DATASET RECORDS:
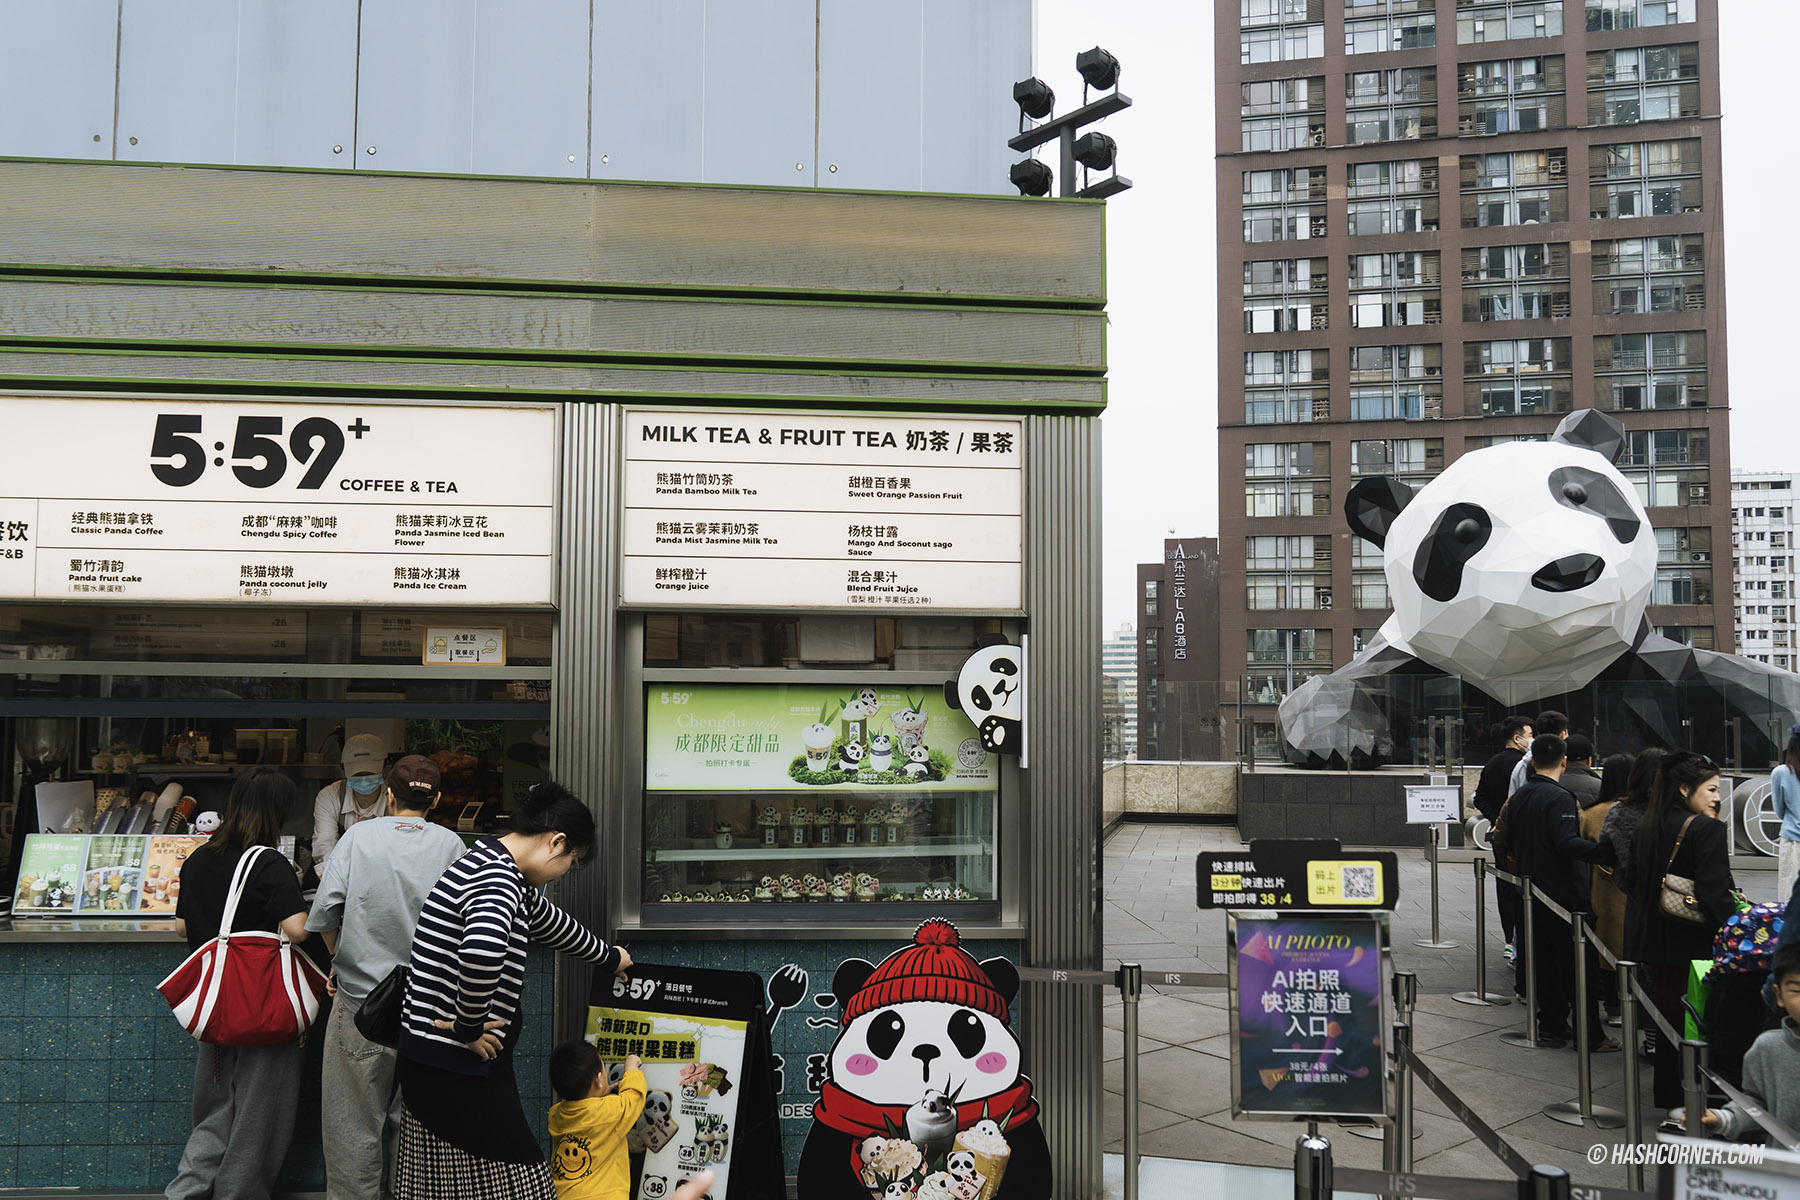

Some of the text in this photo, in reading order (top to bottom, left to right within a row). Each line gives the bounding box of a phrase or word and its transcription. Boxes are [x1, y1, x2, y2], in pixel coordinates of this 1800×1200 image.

[642, 424, 698, 443] MILK
[705, 426, 751, 444] TEA
[758, 428, 773, 445] &
[780, 428, 846, 446] FRUIT
[852, 430, 897, 448] TEA
[905, 429, 950, 452] 奶茶
[970, 431, 1014, 454] 果茶
[656, 472, 734, 486] 熊猫竹筒奶茶
[848, 475, 912, 490] 甜橙百香果
[339, 479, 458, 494] COFFEE & TEA
[655, 487, 683, 495] Panda
[684, 487, 720, 495] Bamboo
[742, 488, 757, 496] Tea
[848, 490, 963, 500] Sweet Orange Passion Fruit
[71, 511, 154, 526] 经典熊猫拿铁
[395, 514, 488, 529] 熊猫茉莉冰豆花
[0, 520, 29, 542] 饮
[70, 527, 163, 536] Classic Panda Coffee
[241, 530, 338, 540] Chengdu Spicy Coffee
[394, 529, 505, 538] Panda Jasmine Iced Bean
[656, 521, 759, 536] 熊猫云雾茉莉奶茶
[847, 525, 899, 539] 杨枝甘露
[394, 539, 425, 547] Flower
[655, 536, 778, 545] Panda Mist Jasmine Milk Tea
[847, 539, 953, 549] Mango And Soconut sago
[69, 558, 125, 573] 蜀竹清韵
[240, 565, 294, 579] 熊猫墩墩
[68, 574, 143, 583] Panda fruit cake
[393, 566, 461, 581] 熊猫冰淇淋
[655, 567, 708, 581] 鲜榨橙汁
[847, 570, 898, 583] 混合果汁
[239, 580, 328, 590] Panda coconut jelly
[393, 582, 468, 591] Panda Ice Cream
[655, 582, 710, 592] Orange juice
[847, 584, 872, 592] Blend
[873, 584, 894, 593] Fruit
[453, 633, 477, 642] 点餐区
[676, 713, 746, 732] Chengdu
[674, 732, 780, 753] 成都限定甜品
[705, 759, 750, 767] 拍照打卡专属
[1211, 860, 1257, 873] 快速排队
[1212, 876, 1286, 890] 3分钟快速出片
[1315, 884, 1337, 896] 出片
[1212, 892, 1258, 906] 即拍即得
[1259, 893, 1276, 906] 38
[1265, 934, 1351, 950] AI PHOTO
[1052, 970, 1068, 981] IFS
[1165, 973, 1181, 985] IFS
[1271, 968, 1340, 991] AI拍照
[1260, 990, 1352, 1014] 快速通道
[1285, 1015, 1329, 1037] 入口
[597, 1037, 696, 1060] 熊猫鲜果蛋糕
[1289, 1061, 1329, 1071] 38元/4张
[566, 1134, 592, 1151] Smile
[1388, 1174, 1417, 1194] IFS
[1686, 1175, 1777, 1200] CHENGDU
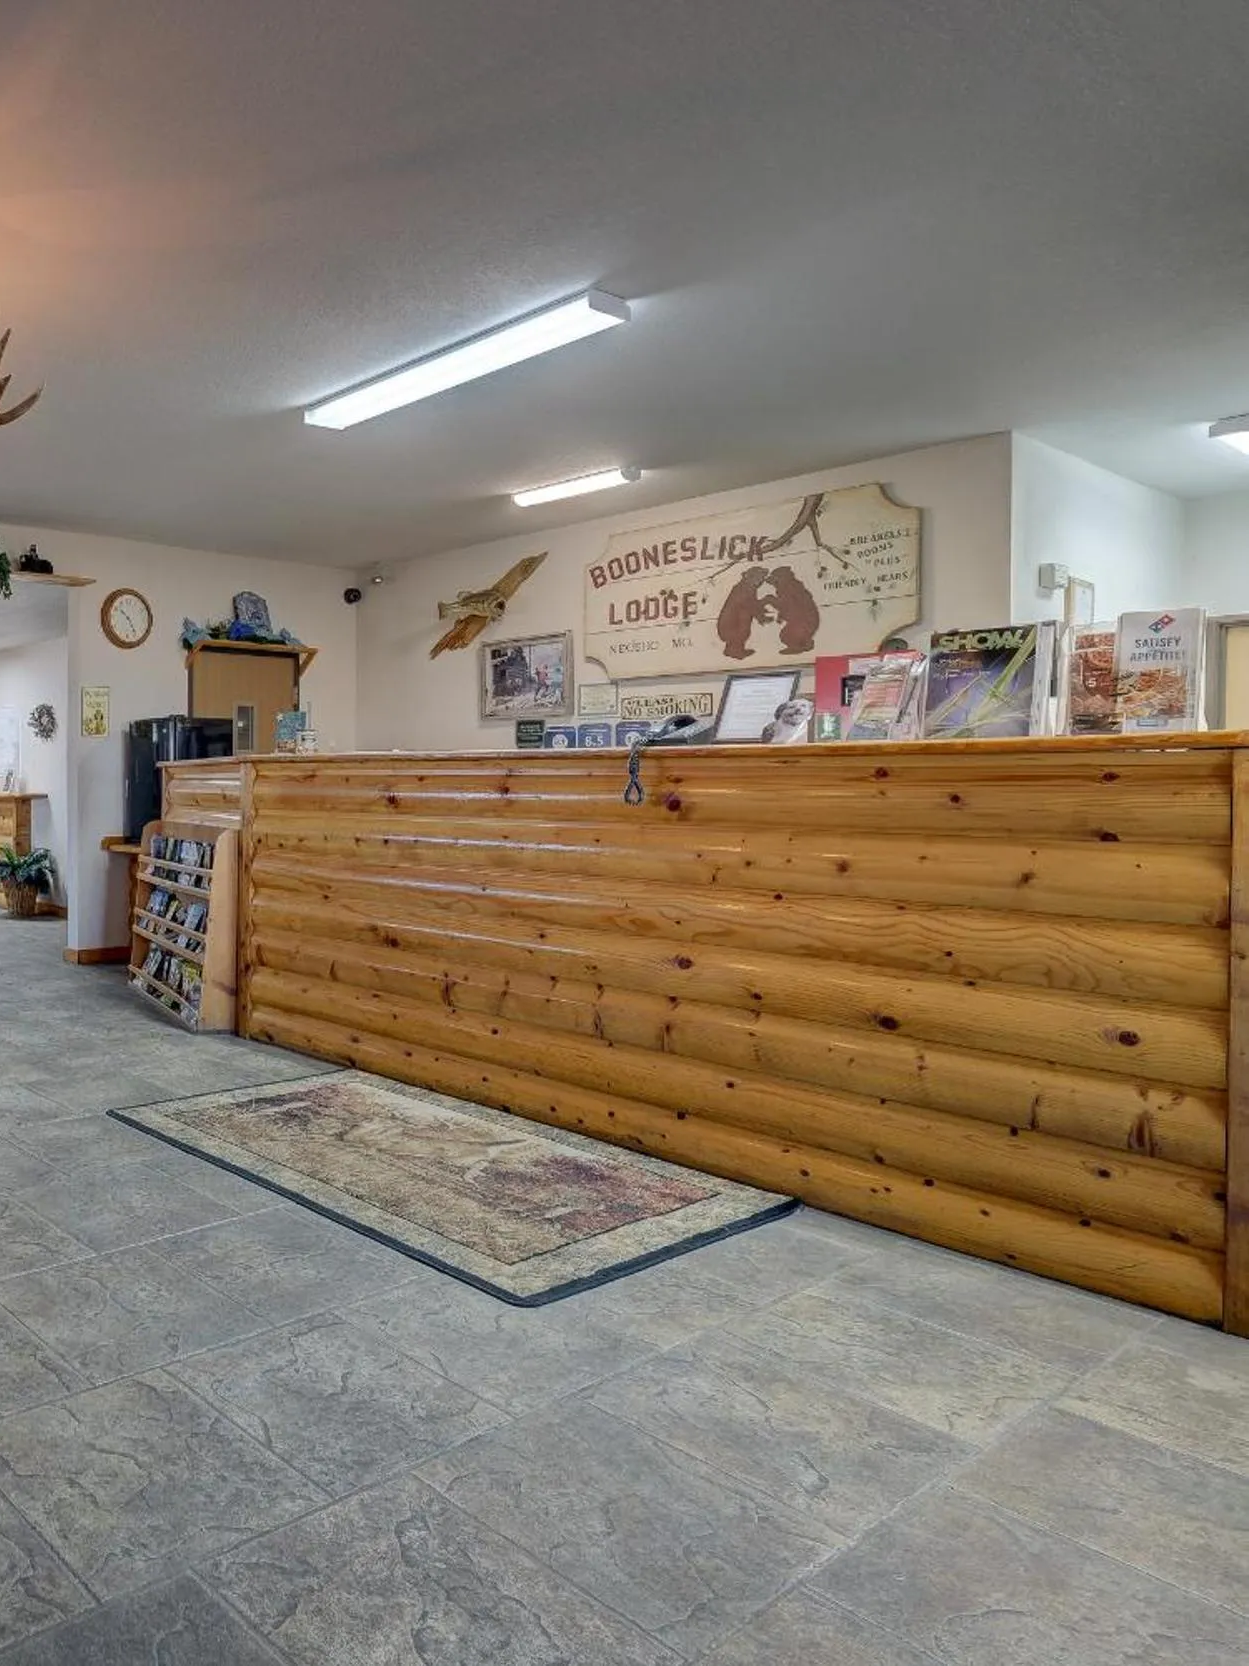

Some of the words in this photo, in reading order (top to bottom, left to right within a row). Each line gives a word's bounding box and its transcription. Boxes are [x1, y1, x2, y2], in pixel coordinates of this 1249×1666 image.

[589, 534, 770, 589] BOONESLICK
[608, 591, 698, 626] LODGE
[1134, 637, 1182, 649] SATISFY
[646, 694, 709, 716] SMOKING

EXERCISE DETAILS:
Can you quote exactly the lines from the one containing "Some of the words" through the last line of the records above, and nothing else?

ANSWER:
Some of the words in this photo, in reading order (top to bottom, left to right within a row). Each line gives a word's bounding box and its transcription. Boxes are [x1, y1, x2, y2], in pixel coordinates of this 1249×1666 image.

[589, 534, 770, 589] BOONESLICK
[608, 591, 698, 626] LODGE
[1134, 637, 1182, 649] SATISFY
[646, 694, 709, 716] SMOKING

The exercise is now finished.